Problem details:
The answer must repeat every record exactly, with no pictures in it.

Dataset:
════
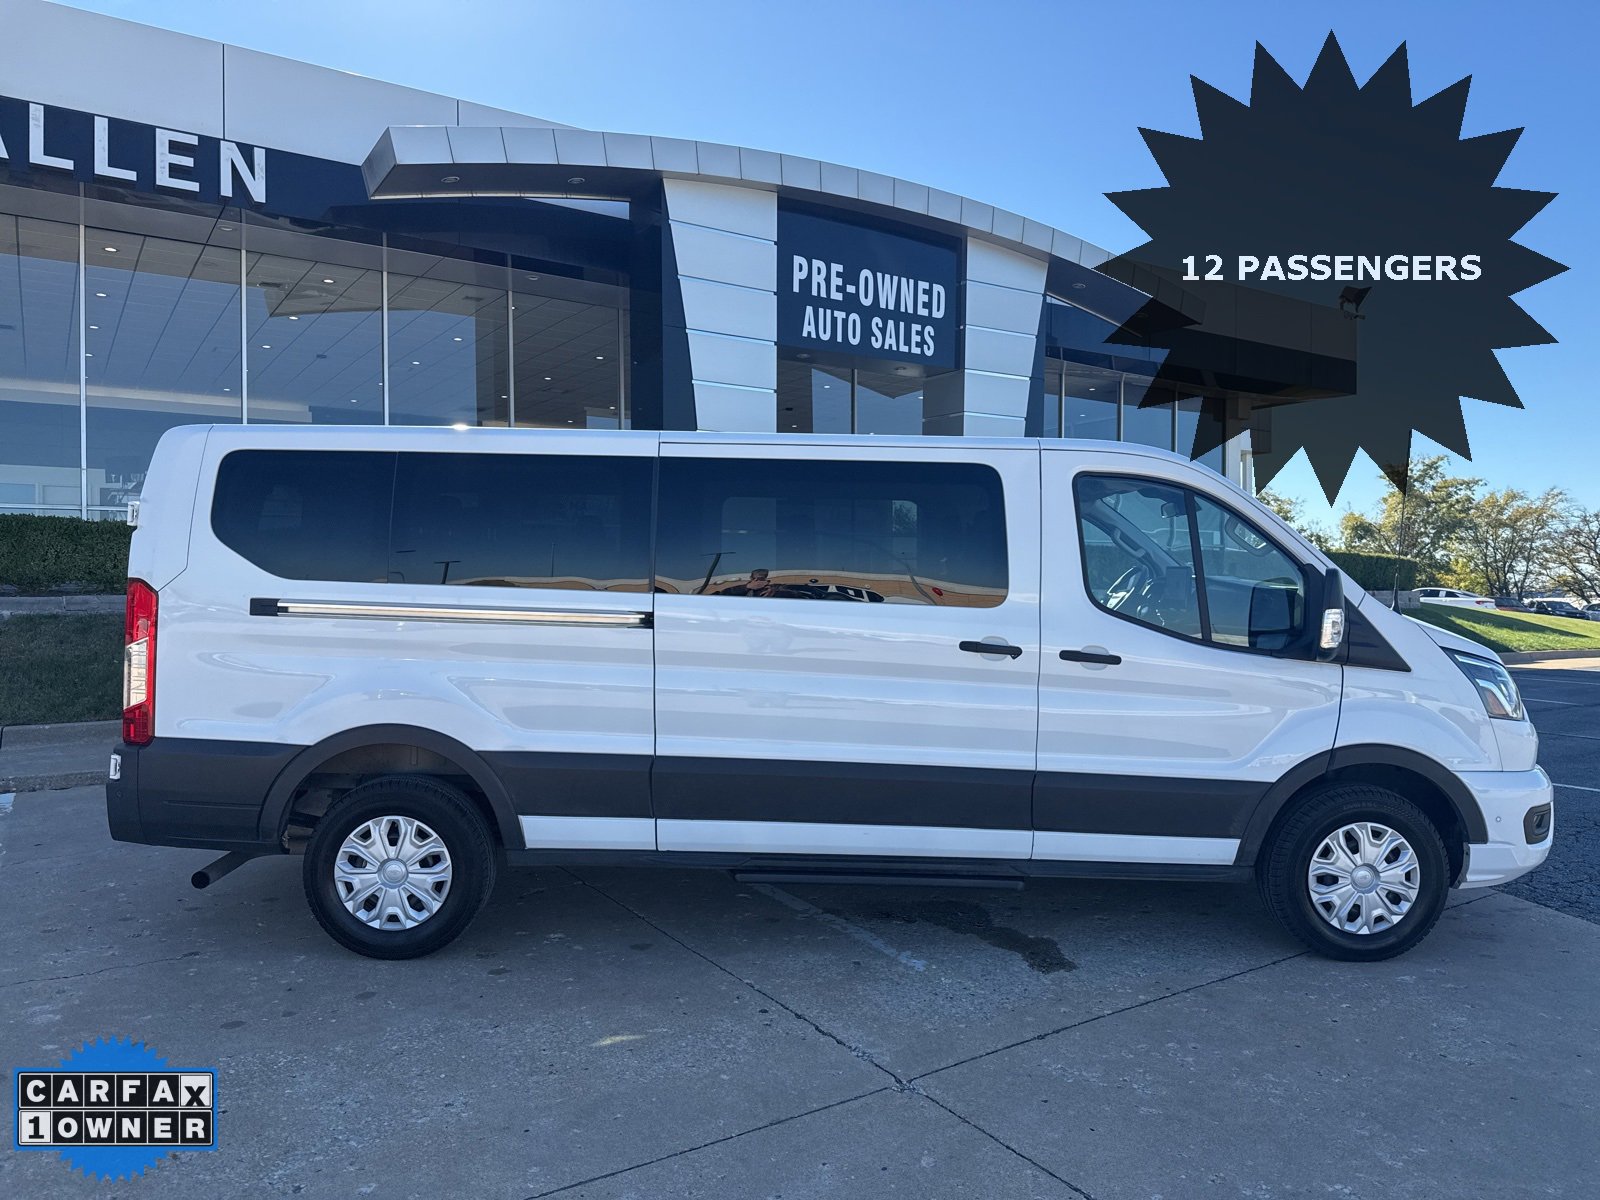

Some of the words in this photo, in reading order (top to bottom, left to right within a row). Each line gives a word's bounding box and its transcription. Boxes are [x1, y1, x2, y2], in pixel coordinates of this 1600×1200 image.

[0, 102, 266, 203] LLEN
[792, 254, 946, 319] PRE-OWNED
[802, 305, 861, 346] AUTO
[870, 316, 935, 357] SALES
════
Solution below:
Some of the words in this photo, in reading order (top to bottom, left to right within a row). Each line gives a word's bounding box and its transcription. Boxes are [x1, y1, x2, y2], in pixel coordinates of this 1600×1200 image.

[0, 102, 266, 203] LLEN
[792, 254, 946, 319] PRE-OWNED
[802, 305, 861, 346] AUTO
[870, 316, 935, 357] SALES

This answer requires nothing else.